**YOUR OBJECTIVE**. All records below are to be repeated exactly, with the pictures left out.

Collected data:
______
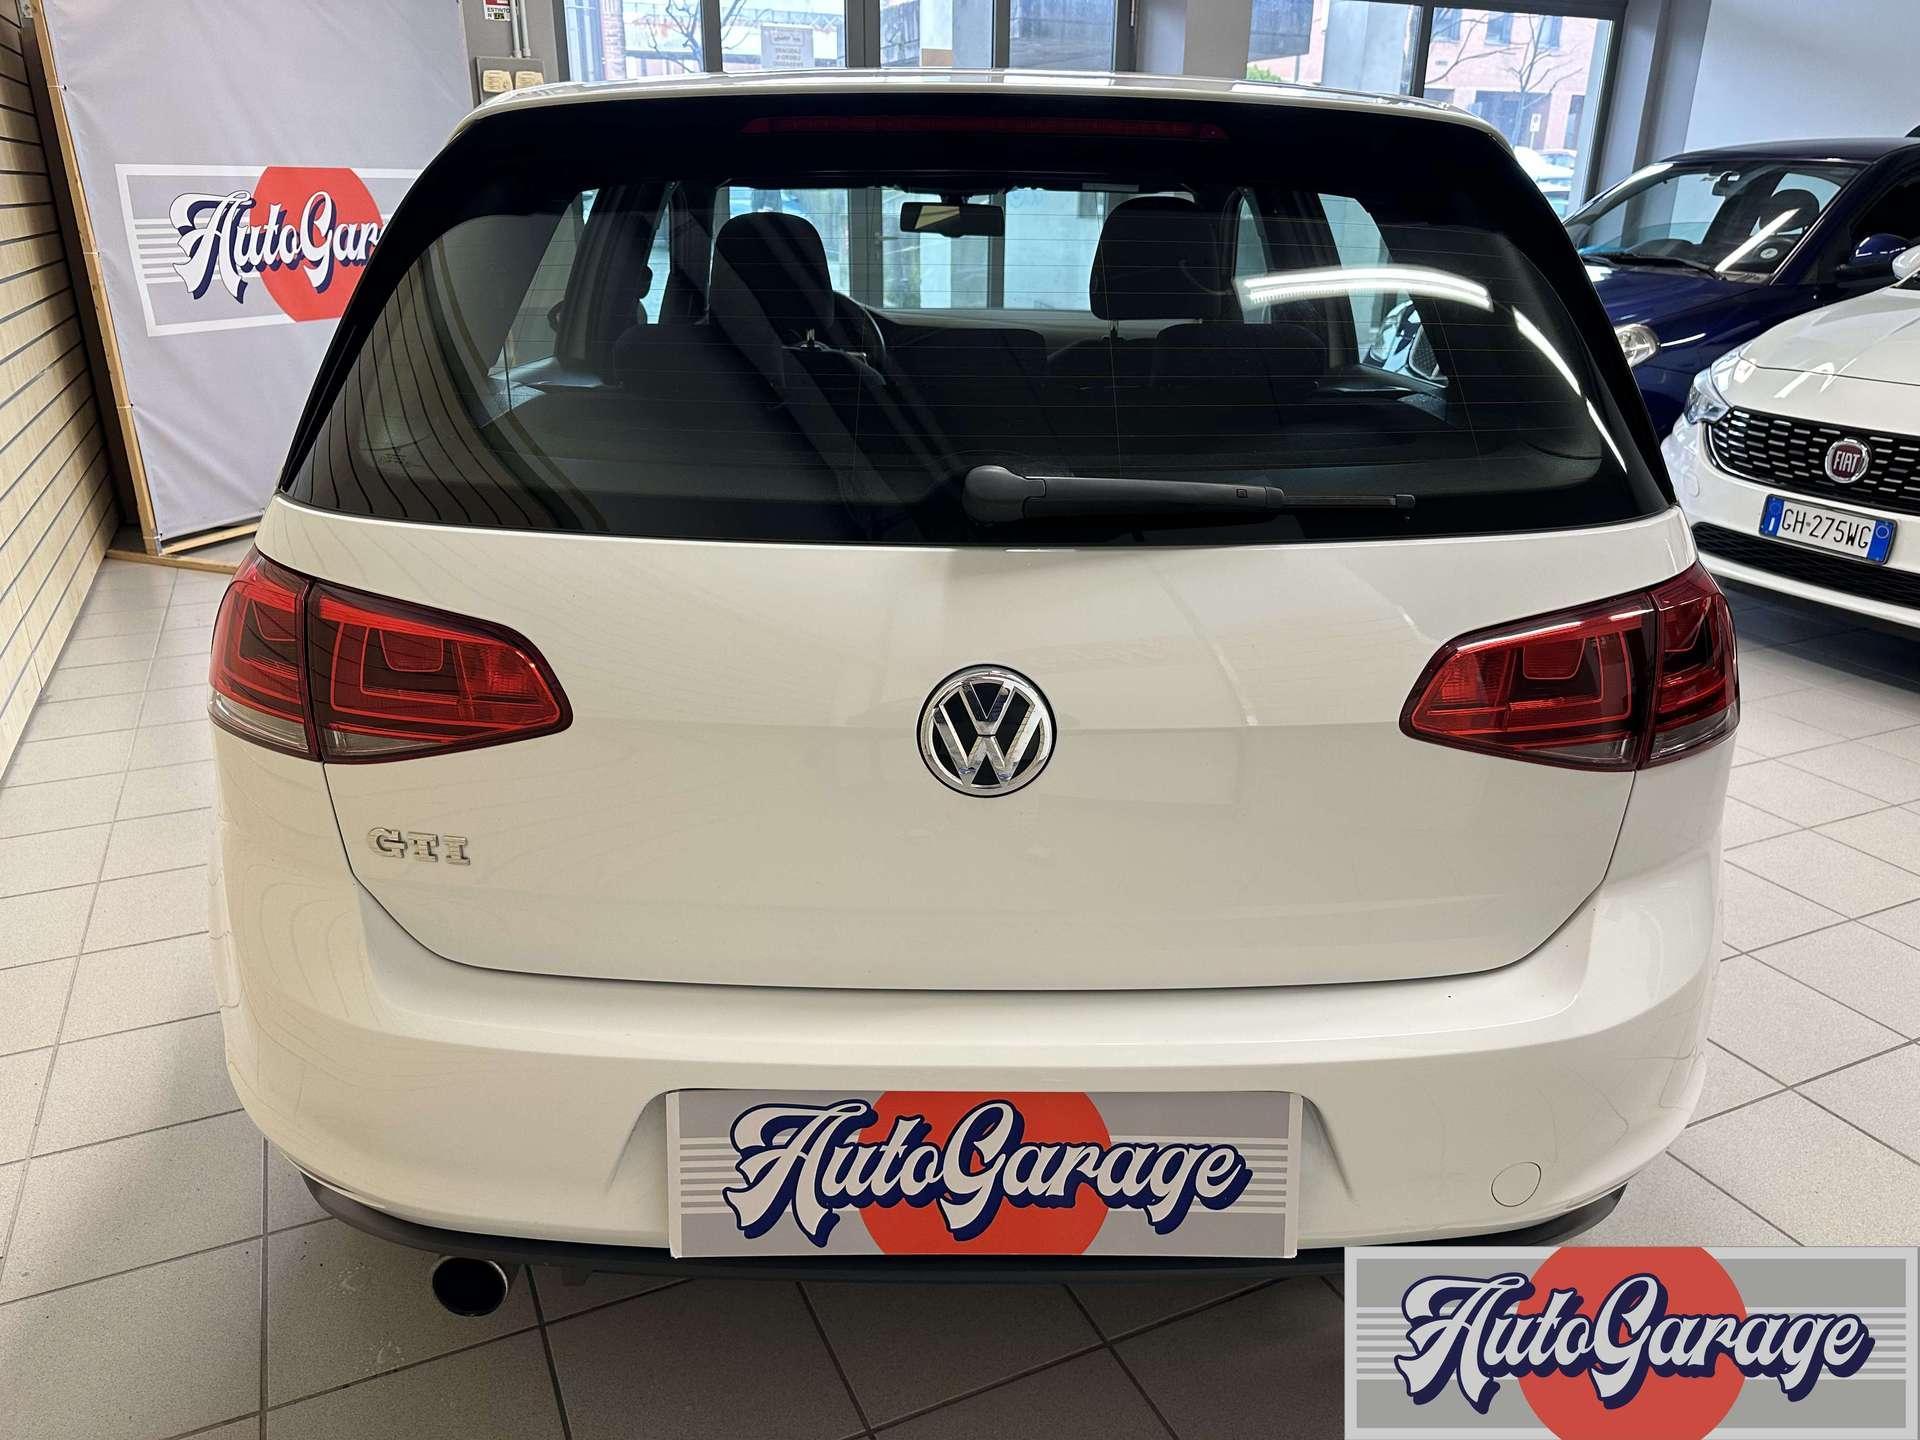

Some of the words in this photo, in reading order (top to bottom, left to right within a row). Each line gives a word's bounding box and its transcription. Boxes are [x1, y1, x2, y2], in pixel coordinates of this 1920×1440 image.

[169, 190, 384, 304] AutoGar
[1833, 451, 1860, 473] FIAT
[930, 676, 1044, 789] VW
[367, 827, 471, 866] GTI
[724, 1099, 1253, 1249] AutoGarage
______
**TASK OUTPUT**.
Some of the words in this photo, in reading order (top to bottom, left to right within a row). Each line gives a word's bounding box and its transcription. Boxes are [x1, y1, x2, y2], in pixel coordinates of this 1920×1440 image.

[169, 190, 384, 304] AutoGar
[1833, 451, 1860, 473] FIAT
[930, 676, 1044, 789] VW
[367, 827, 471, 866] GTI
[724, 1099, 1253, 1249] AutoGarage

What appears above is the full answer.